There is a line, however, between mischief and Excessive Mischief. Being mean, dangerous, and gross is exactly where that line exists and my student definitely crossed it. So I tied her up and stuck her in a cupboard for about twenty minutes, while blasting Sheri Lewis's Song That Never Ends through a set of headphones I taped to her head and am pretty sure she'll never do it again. Conditioning folks, it's all about conditioning.

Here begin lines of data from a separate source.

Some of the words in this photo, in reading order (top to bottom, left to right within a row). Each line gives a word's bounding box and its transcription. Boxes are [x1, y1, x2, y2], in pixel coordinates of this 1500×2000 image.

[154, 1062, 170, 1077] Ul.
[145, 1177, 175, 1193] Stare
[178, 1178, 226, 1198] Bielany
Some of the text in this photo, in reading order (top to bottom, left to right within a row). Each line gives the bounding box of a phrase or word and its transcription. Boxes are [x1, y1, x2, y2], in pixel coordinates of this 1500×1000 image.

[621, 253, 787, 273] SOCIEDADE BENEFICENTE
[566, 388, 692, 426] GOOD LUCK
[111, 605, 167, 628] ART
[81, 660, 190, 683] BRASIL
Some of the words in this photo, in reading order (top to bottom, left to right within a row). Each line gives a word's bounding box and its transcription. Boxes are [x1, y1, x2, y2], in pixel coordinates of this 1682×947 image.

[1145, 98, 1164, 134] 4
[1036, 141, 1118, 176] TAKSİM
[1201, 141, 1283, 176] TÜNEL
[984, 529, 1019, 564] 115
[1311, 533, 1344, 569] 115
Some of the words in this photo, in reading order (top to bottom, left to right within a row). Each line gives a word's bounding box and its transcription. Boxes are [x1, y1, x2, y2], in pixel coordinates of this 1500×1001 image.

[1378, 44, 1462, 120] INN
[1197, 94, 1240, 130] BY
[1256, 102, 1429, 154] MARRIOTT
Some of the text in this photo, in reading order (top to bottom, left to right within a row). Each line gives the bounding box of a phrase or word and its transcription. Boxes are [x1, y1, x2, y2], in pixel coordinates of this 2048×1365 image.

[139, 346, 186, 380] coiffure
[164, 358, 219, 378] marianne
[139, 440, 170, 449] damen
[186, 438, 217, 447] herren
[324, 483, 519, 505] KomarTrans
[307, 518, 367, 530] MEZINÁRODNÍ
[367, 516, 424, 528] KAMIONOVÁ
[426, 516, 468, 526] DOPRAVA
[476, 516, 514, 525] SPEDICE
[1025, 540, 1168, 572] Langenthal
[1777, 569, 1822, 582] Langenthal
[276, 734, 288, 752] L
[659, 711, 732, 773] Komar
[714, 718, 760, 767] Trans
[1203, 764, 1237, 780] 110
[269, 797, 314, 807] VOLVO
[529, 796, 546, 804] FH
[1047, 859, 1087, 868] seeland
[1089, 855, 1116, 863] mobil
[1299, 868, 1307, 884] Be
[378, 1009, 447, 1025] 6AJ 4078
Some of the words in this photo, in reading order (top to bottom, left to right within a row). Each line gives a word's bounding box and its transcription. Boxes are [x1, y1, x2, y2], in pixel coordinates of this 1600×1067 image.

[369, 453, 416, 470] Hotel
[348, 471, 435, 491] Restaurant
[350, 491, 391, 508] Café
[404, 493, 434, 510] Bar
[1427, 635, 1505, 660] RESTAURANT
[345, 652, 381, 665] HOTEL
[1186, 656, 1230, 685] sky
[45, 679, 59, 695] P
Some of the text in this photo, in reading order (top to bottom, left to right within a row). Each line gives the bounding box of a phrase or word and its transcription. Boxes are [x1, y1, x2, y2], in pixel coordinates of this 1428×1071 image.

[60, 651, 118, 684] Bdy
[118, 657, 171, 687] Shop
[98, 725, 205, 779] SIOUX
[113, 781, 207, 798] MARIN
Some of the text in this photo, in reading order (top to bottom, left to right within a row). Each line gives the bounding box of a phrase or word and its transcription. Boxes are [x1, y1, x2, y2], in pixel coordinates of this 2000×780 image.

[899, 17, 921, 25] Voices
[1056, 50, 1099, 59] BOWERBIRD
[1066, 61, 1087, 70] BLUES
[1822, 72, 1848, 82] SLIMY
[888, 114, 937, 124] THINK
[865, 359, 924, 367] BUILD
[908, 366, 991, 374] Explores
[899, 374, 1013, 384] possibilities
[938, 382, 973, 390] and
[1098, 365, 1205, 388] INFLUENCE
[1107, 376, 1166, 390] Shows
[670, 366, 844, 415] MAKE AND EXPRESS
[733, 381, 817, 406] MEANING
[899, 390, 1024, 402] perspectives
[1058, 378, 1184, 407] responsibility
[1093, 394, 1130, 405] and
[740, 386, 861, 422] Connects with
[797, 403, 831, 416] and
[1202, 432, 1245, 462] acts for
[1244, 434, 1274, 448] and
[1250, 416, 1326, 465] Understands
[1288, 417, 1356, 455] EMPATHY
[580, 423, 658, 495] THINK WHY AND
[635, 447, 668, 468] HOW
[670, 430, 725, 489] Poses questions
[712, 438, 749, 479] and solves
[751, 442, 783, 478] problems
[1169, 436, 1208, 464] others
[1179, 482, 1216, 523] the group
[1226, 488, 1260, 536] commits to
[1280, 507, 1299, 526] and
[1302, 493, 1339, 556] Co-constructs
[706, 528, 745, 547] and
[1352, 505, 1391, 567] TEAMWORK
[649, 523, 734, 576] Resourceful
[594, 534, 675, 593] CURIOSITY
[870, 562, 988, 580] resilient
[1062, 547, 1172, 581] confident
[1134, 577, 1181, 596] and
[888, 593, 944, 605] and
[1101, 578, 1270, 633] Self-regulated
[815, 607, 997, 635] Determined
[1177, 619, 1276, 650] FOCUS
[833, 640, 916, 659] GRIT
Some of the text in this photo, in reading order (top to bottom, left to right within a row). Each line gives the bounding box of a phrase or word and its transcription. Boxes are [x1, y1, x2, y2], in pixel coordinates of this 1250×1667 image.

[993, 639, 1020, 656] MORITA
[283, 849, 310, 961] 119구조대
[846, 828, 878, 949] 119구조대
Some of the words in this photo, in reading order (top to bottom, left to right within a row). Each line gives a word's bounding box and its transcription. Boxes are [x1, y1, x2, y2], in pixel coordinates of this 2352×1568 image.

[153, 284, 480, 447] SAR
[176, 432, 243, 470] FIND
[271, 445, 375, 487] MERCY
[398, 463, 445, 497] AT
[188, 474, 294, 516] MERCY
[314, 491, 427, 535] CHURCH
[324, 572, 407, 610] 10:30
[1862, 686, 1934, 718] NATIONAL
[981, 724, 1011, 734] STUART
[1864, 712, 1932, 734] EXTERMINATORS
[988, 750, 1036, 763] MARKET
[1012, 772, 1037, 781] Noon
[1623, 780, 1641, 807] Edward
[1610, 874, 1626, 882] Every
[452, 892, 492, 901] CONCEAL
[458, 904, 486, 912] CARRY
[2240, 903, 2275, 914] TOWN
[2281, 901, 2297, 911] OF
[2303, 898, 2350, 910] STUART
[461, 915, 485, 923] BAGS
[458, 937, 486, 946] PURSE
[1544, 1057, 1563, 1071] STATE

She will be back on plain old type 1 mischief in no time, I trust, and hope that her endeavors are as full of the wonderous joys of youthful mischieviocity as hiding toxic fish sauce in the back seat of your friend Maya's car in order to get back at her from when she sprinkled your lawn with instant mash potatoes. But the second that shit gets excessive, it's all lamb-chop baby, and there's no turning back.